Von den Unwägbarkeiten betroffen sind in Nordrhein-Westfalen 51.000 Betriebe mit 400.000 Beschäftigten und rund 10.000 Auszubildenden. Die Politik startet Überlegungen zum Neustart des Wirtschaftslebens, aber unverändert brenzlig bleibt die Situation für Bewirtungsbetriebe. „Wir sind existentiellen Risiken ausgesetzt, obwohl es Möglichkeiten gäbe.“, so Marc Lersch stellvertretend für die Wirte. Es gäbe seitens der Behörden keine Aussagen zur Öffnung und zur Durchführung von Feierlichkeiten unter besonderen Voraussetzungen.

Wo liegen die Probleme?
Viele Fragen sind ungeklärt und stellen keinen Hoffnungsschimmer dar. Die behördlichen Zuständigkeiten, wenn es um die Entschädigungsleistungen, die den Gastronomien nach dem Infektionsschutzgesetz zustehen, sind nicht geklärt. Die Wirte fragen: „Was ist mit einer Antragsstellung an den LVR und die daraus entstehende Geltendmachung der Ansprüche?"
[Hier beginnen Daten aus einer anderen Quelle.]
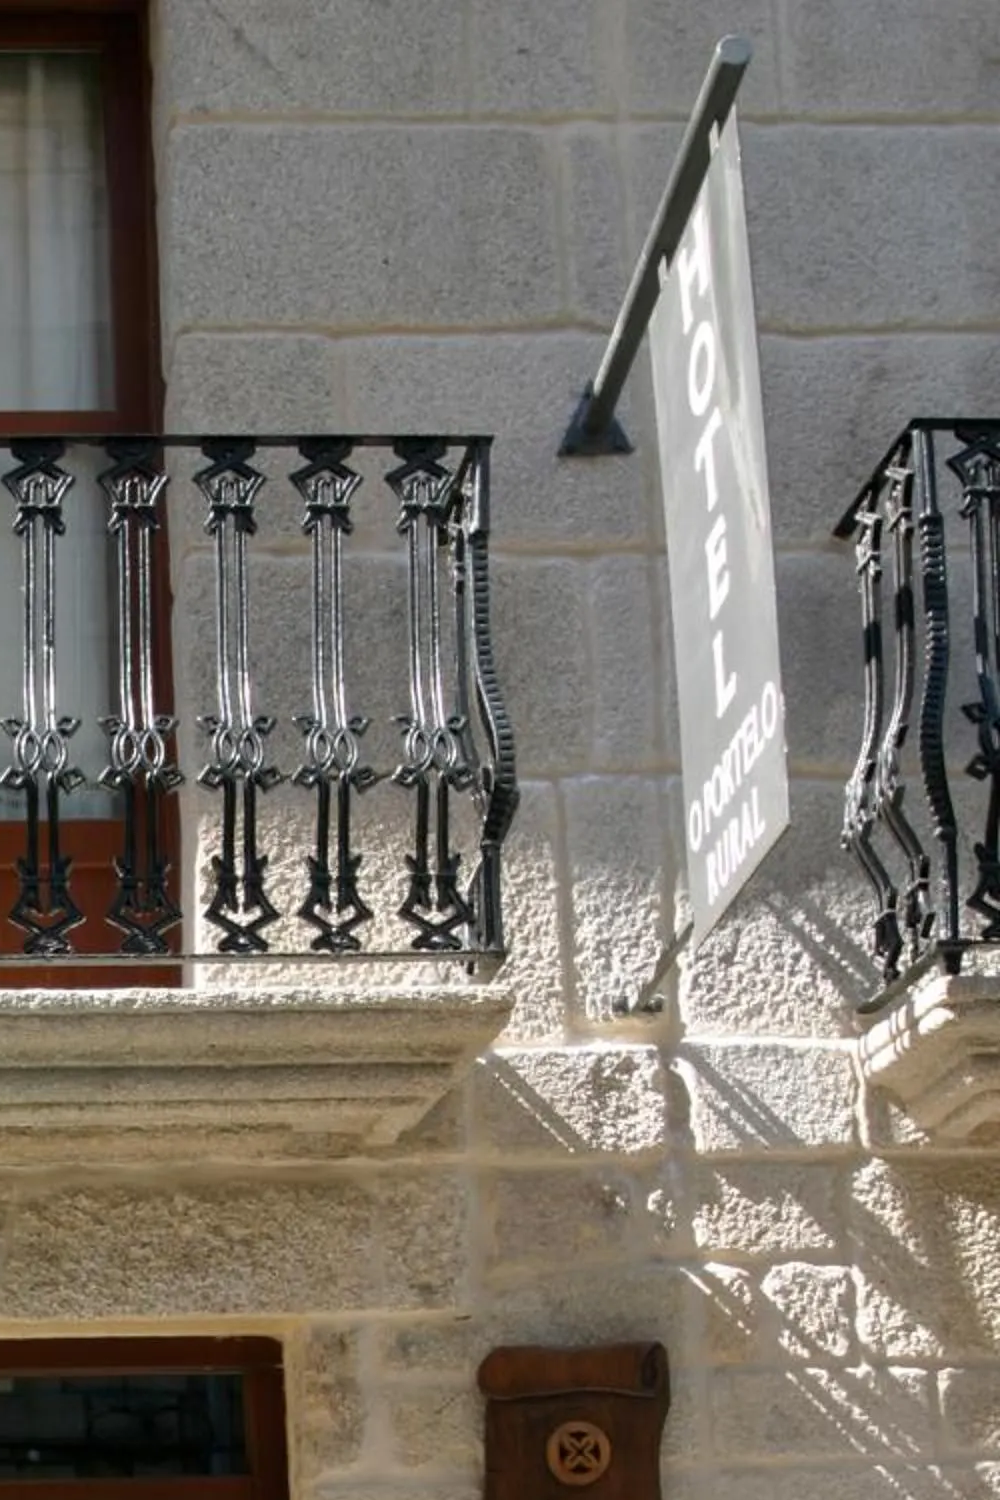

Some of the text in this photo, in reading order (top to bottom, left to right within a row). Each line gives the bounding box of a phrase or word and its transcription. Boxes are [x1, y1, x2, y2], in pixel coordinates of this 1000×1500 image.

[677, 206, 738, 719] HOTEL
[689, 681, 778, 852] O PORTELO
[705, 786, 766, 906] RURAL
Die Betriebsschließungsversicherung – viele Gastronomen haben diese Absicherung abgeschlossen, die genau für den aktuellen Fall eintritt, dass Betriebe von Amts wegen schließen müssen. Derzeit bieten einige Versicherungsgesellschaften die sogenannte „Bayerische Lösung“. Demnach gibt es einen Abschlag in Höhe von 15 Prozent der eigentlich zu leistenden Versicherungssumme. Das lehnt der DEHOGA Nordrhein allerdings ab. Nach der Ansicht dieser Vereinigung will sich die Versicherungsgesellschaft damit recht preiswert aus den jeweiligen Schadensfällen herauskaufen.
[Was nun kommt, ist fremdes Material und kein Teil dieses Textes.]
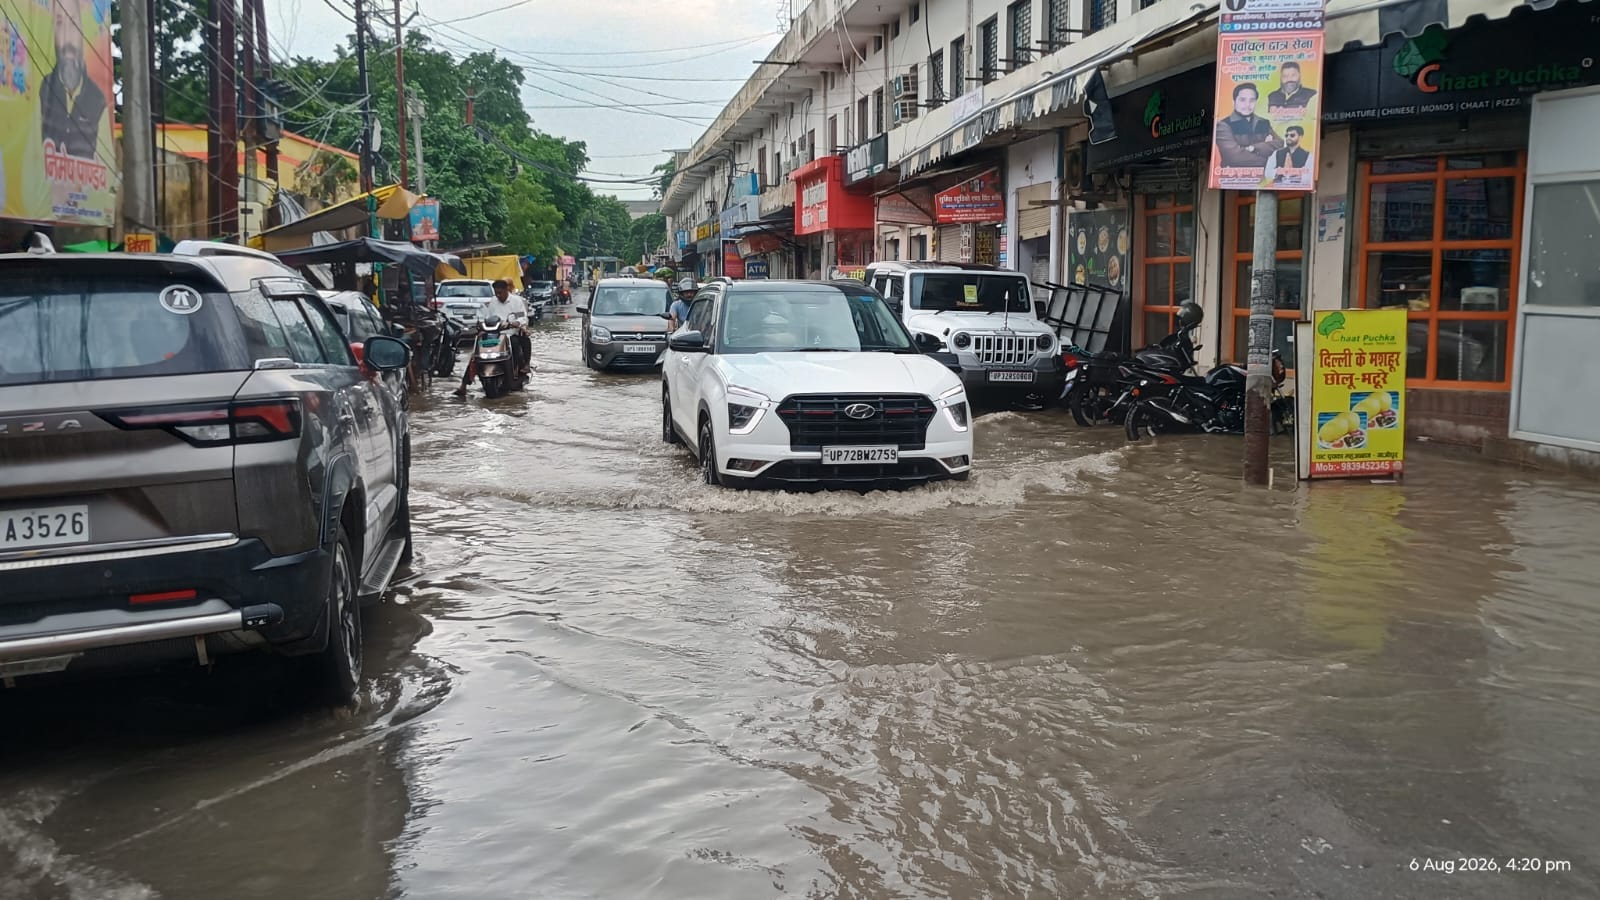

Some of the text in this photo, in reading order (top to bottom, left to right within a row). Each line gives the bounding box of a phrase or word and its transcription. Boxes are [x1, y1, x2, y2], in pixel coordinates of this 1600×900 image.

[1233, 21, 1322, 31] 9838800604
[1269, 41, 1288, 51] छात्र
[1293, 39, 1313, 50] सेना
[1417, 64, 1488, 93] Chaat
[1495, 64, 1581, 86] Puchka
[1340, 109, 1377, 120] BHATURE
[1381, 106, 1415, 117] CHINESE
[1421, 103, 1454, 113] MOMOS
[1460, 100, 1490, 110] CHAAT
[1176, 113, 1201, 132] Puchka
[748, 265, 767, 274] ATM
[1331, 330, 1395, 342] Chaat Puchka
[1319, 348, 1401, 373] दिल्ली के मशहूर
[830, 449, 897, 462] UP72BW2759
[1315, 461, 1390, 472] Mob:- 9839452345
[5, 512, 84, 541] A3526
„Das ist ein Thema, worum sich die Politik dringend kümmern muss und zwar in einem gerichtlichen Eilverfahren. Die Gastronomien sind dringend auf solche Zahlungen angewiesen. Die Versicherungen spielen auf Zeit, die wir nicht mehr haben.“, ist sich auch Marc Lersch sicher und ergänzt: „Ein weiterer Baustein der Unterstützung ist die Senkung der Mehrwertsteuer auf sieben Prozent. Ohne diese Maßnahme wären alle Sofortrettungspakete nichtig, weil sonst der Fortbestand definitiv nicht gesichert ist."

Dafür die Mahnwache
So entschloss sich ein Teil der indestädtischen Wirte für die Mahnwache, die eben um 11 Uhr vor dem Rathaus startete – mit einem unbesetzten Stuhl für jeden gastgewerblichen Betrieb. Die leeren Stühle wurden mit entsprechendem Sicherheitsabstand positioniert um zu verbildlichen, wie es der Branche – Gastronomie und Hotellerie – gerade geht. Unter Beachtung der Hygienestandards hielten die Teilnehmer die Mindestabstände ein. Im Vorhinein wurde die Versammlung bei den Behörden angemeldet.

Mehr als 60 Stühle wurden auf dem Rathausvorplatz durch einen Gastronomen zentral aufgebaut. Jeder der teilnehmenden Betriebe brachte aus seiner Gaststätte einen Stuhl vorbei. Die restlichen Stühle wurden zentral aufgestockt.

Teilnehmende Wirte
An der Aktion, an der sich ein Video-Rundgang durch die Betriebe anschloss, beteiligten sich folgende 16 indestädtische Gastronomien: Bohler Heide, Der Grieche, Gasthof Rinkens, Haus Lersch, Hotel Flatten, Hotel zur Altdeutschen, Indemann, Kegelcenter Knickertsberg, Kleiner Gürzenich, Kulturzentrum Talbahnhof, Mexi & Co, Pfanntissimo, Seehaus 53, Stadtkrone, Tannenbergstuben und Yakamoz. Bürgermeister Rudi Bertram und Kämmerer Stefan Kaever bekundeten ihre Solidarität und kamen mit den Wirten ins Gespräch.
 
Die politischen Ziele
Marc Lersch und seine Mitstreiter wollen bewegen. Vergleichbar mit bereits abgehaltenen Mahnwachen in Düsseldorf und Leverkusen geht es hauptsächlich darum, dass die Gastronomie bei den Corona-Maßnahmen nicht aus dem Auge verloren wird. Bundesweit fanden Mahnwachen unter dem Hashtag #gastaus statt. Die konkreten Forderungen an die Regierung :

- ein klarer Fahrplan und eine klare Perspektive für die Wiedereröffnung: Es soll genannt werden, wie viele Menschen sich auf wie vielen Quadratmetern aufhalten dürfen.
- Aufstockung von Zuschüssen für alle Unternehmensgrößen, die sich an der Steuererklärung bemisst.
- Aufstockung des Kurzarbeitergeldes auf 80 Prozent und Einführung und Unterstützung von Kurzarbeitergeld für Auszubildende und 450€-Kräfte.
- Mehrwertsteuer von sieben Prozent für das Gastgewerbe, rückwirkend vom 01.01.2020.

Ausblick
Dass mittlerweile die Aufstockung des Kurzarbeitergeldes erreicht und eine Mehrwertsteuer zumindest bei Speisen nun auf sieben Prozent herabgesenkt wurde, sehen die Gastronomen als Erfolg. Aber sie möchten, dass der reduzierte Steuersatz auch für Getränke gilt. Eine Befristung bewerten sie als falsche Maßnahme. Die Hoffnung bleibt, dass die Bundes- und Landesregierung am 30. April eine Perspektive für die Wiedereröffnung gibt: „Die Gesundheit unserer Gäste und Mitarbeiter hat höchste Priorität.“, versichert Marc Lersch abschließend die Verantwortung der Gastronomen.